The technique we used is kind of like making a weather forecast. As aircraft fly their routes, they measure pressure, temperature and the speed of wind at given points on Earth. Similarly, we placed the strong interaction equation on a space-time grid. The weather data at individual points are then put into a supercomputer that combines all of the data to predict the evolution of the weather.

Our team put the strong interaction forces on a grid and looked for the evolution of these fields. For weather forecasts, the more planes collecting data, the better the prediction. In this metaphor, we used billions of airplanes to calculate the most precise magnetic moment we could using billions of computer processing hours at multiple supercomputer centers in Europe.

Our new approach produced a value of the strength of the muon's magnetic field that closely matches the experimental value measured by the Brookhaven and Fermilab scientists. It essentially closes the gap between theory and experimental measurements and confirms the Standard Model that has guided particle physics for decades.

How does it feel to read about this week's Muon g-2 experiment results five years after publishing your theoretical calculation results?

There were hundreds of people who were involved in these measurements and various calculations within and beyond the Standard Model. At the time, they didn't like our result because they were hoping for a Nobel Prize-worthy discovery. So, we had a very strong headwind against us, and that was a strange feeling.

But that is also where the value of support for basic, theoretical research comes into play. Science is not a democratic institution where you need a consensus. Nature is as it is, and there are not majorities that can define nature without scientific proof. The collective curiosity and contributions of many researchers with many ideas over time is what scientific discovery is all about.

What does last week's latest finding mean for physics? For society?

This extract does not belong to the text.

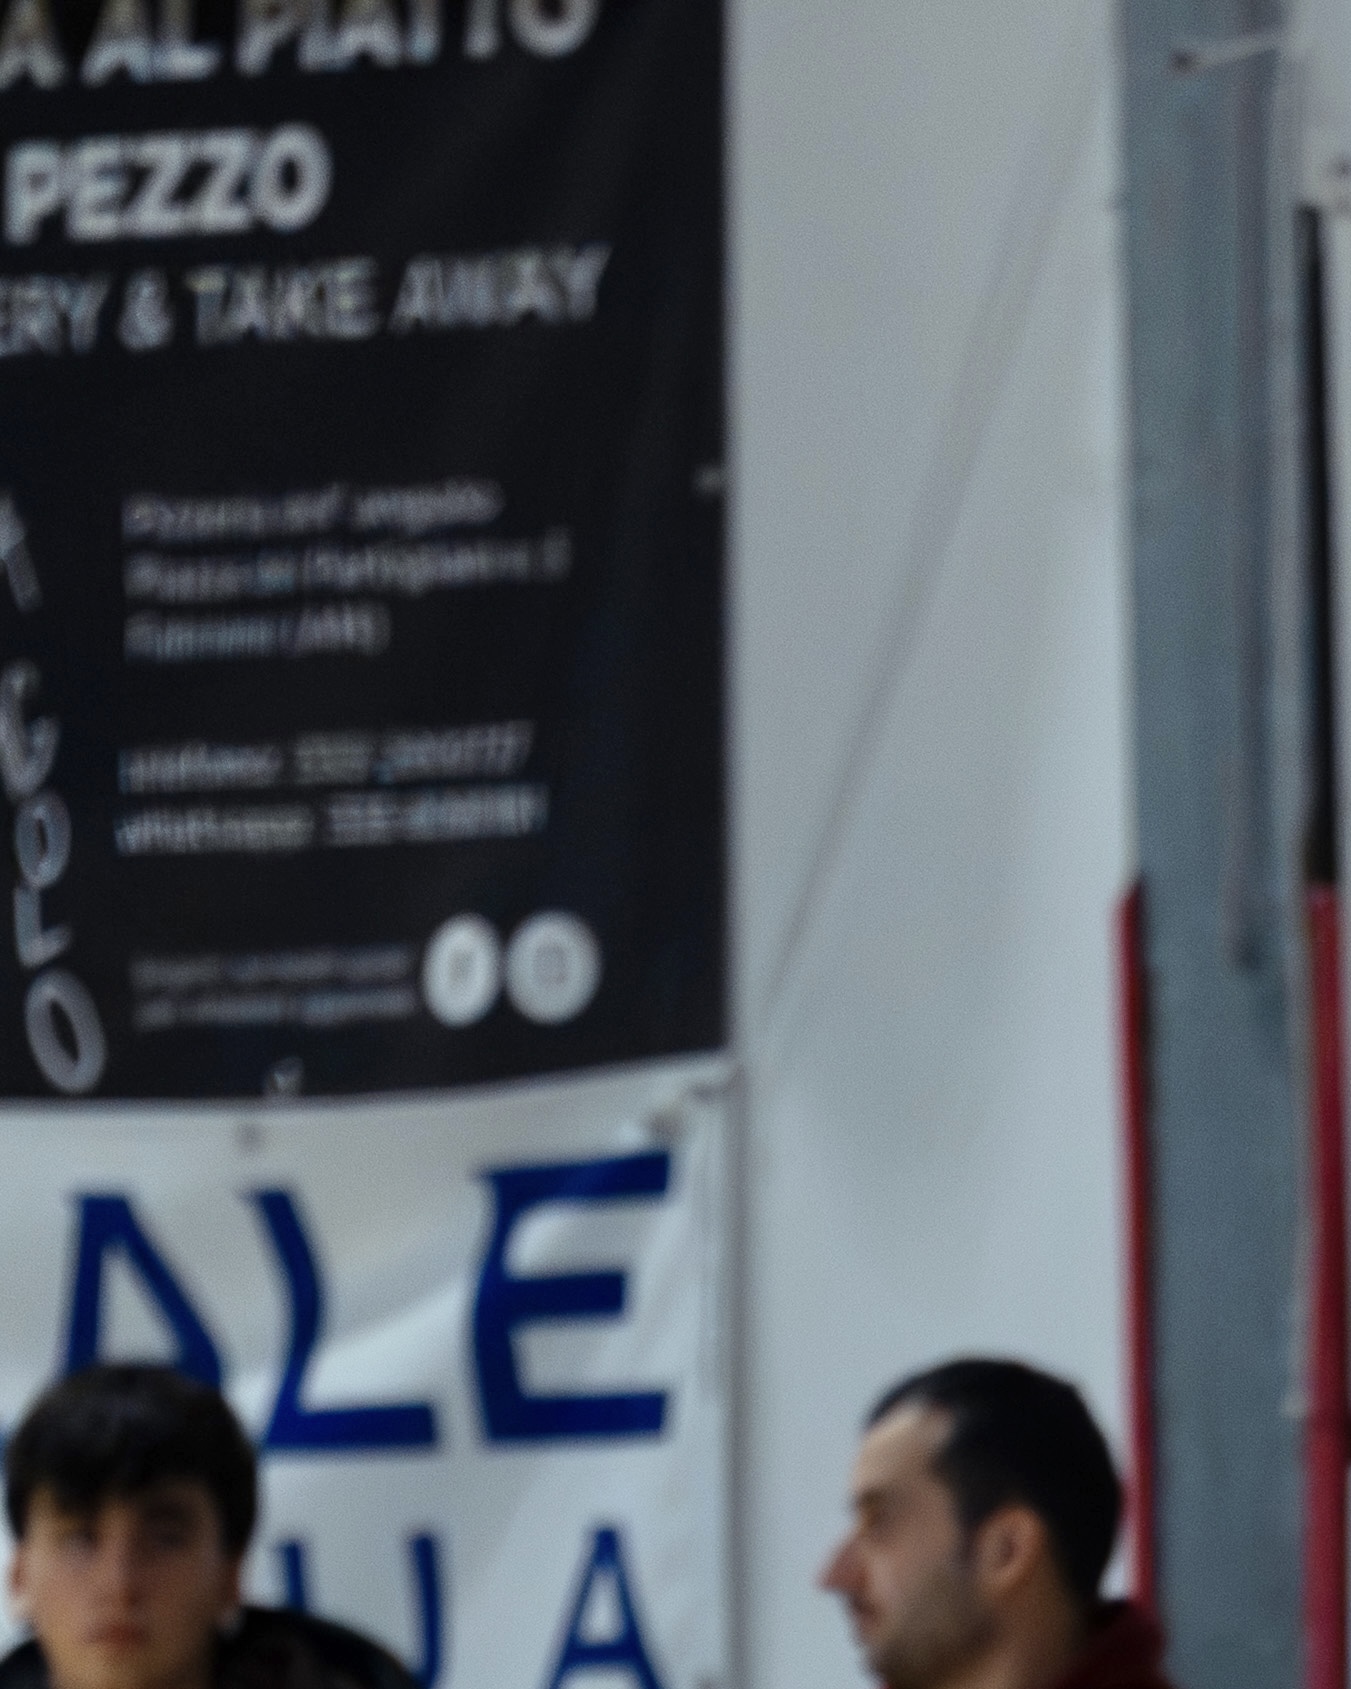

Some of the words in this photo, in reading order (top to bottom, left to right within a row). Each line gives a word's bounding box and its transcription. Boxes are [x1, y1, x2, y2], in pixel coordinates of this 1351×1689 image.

Our research group's calculations have been checked and recalculated by several groups, and I would say that our research group's result is now so precise that, for me, it is not feasible to make it even more precise.

However, there are other groups who are working in this field from different angles. It's very useful and sensible for these physics research groups to continue to reach for more precision—eventually, they'll be able to say our result should be either confirmed or refuted by other calculations. That's the goal of science—to continue to work through theories and find additional evidence.

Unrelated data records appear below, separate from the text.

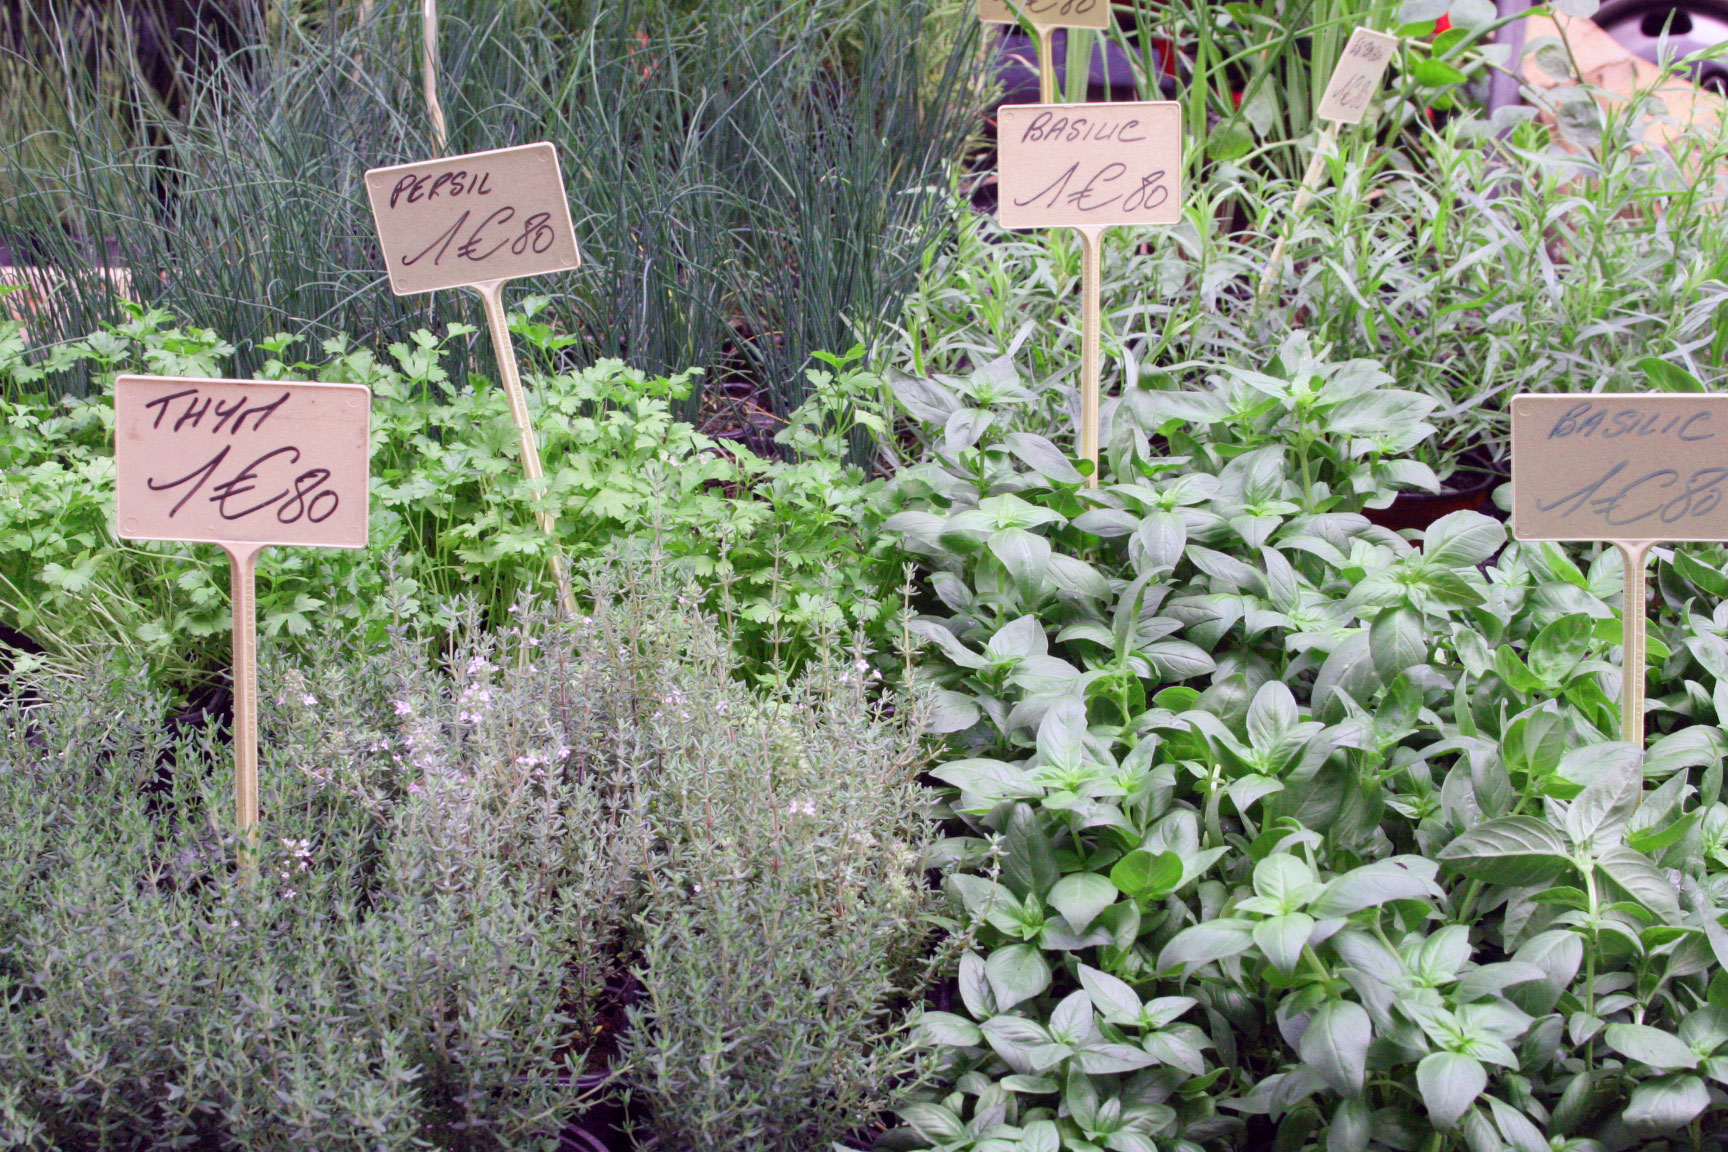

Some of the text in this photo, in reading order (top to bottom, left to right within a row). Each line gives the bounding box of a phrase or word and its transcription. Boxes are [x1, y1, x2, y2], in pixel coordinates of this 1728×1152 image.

[1021, 111, 1147, 143] BASILIC
[390, 170, 492, 209] PERSIL
[1013, 161, 1169, 212] 1€80
[402, 206, 555, 265] 1€80
[145, 388, 291, 435] THYM
[1546, 401, 1715, 441] BASILIC
[147, 444, 339, 524] 1€80
[1536, 459, 1728, 526] 1€80

For society, of course, whenever you have a new interaction, then you have the hope to solve many problems of mankind, so in a way this finding could be disappointing. For example, electromagnetism solved many questions—that's the reason I can conduct this interview over the phone, using electromagnetic waves.

The weak interaction is responsible for radioactive decay, which is used in medicine, and in many, many other cases. The strong interaction is used in nuclear power plants. So, there are many things you can do once you identify a new interaction, and unfortunately, we don't have the new interaction that we hoped for.

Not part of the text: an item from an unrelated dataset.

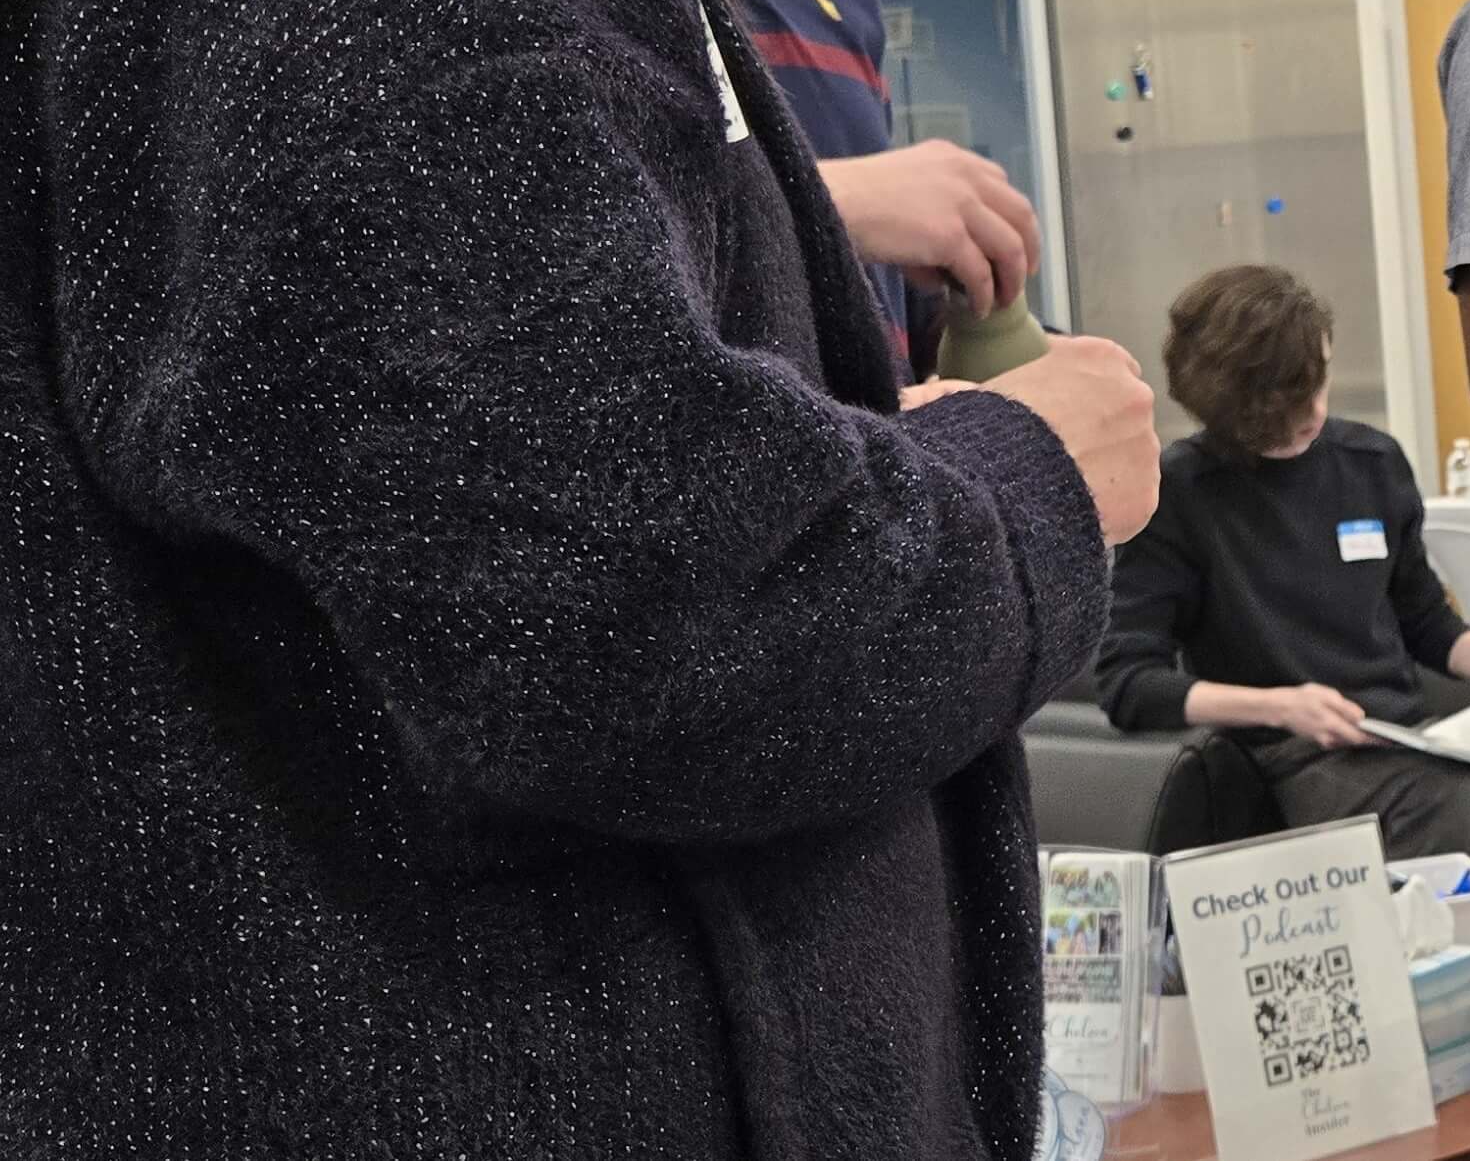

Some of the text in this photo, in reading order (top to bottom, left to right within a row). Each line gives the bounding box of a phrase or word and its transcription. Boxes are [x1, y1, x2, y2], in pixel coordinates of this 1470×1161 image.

[1192, 866, 1369, 918] Check Out Our
[1240, 906, 1340, 959] Podcast

So, it is a consequence for society, but there's also a positive side to emphasize. Our calculation is so precise that it cannot be accidental and provides excellent evidence for the confirmation of quantum field theory. This is the primary theoretical framework for understanding many aspects of the universe and , hopefully including computing, health care and imaging, timing keeping and energy.

And that's a highly meaningful result. Everything established using quantum field theory is justified to an incredible position. So, in other words, this is a huge success!

What do you love most about your work?

I love the Penn State Department of Â鶹ÒùÔºics and my colleagues. My colleagues are conducting an extremely high and impactful level of research, and it's a great honor to be here and working with these scientists. I really like the collaborative nature of Penn State and the huge scope of the research. You don't feel isolated. You have a connection to many, many other fields, and it's just hard to imagine a more interdisciplinary department, college and institution.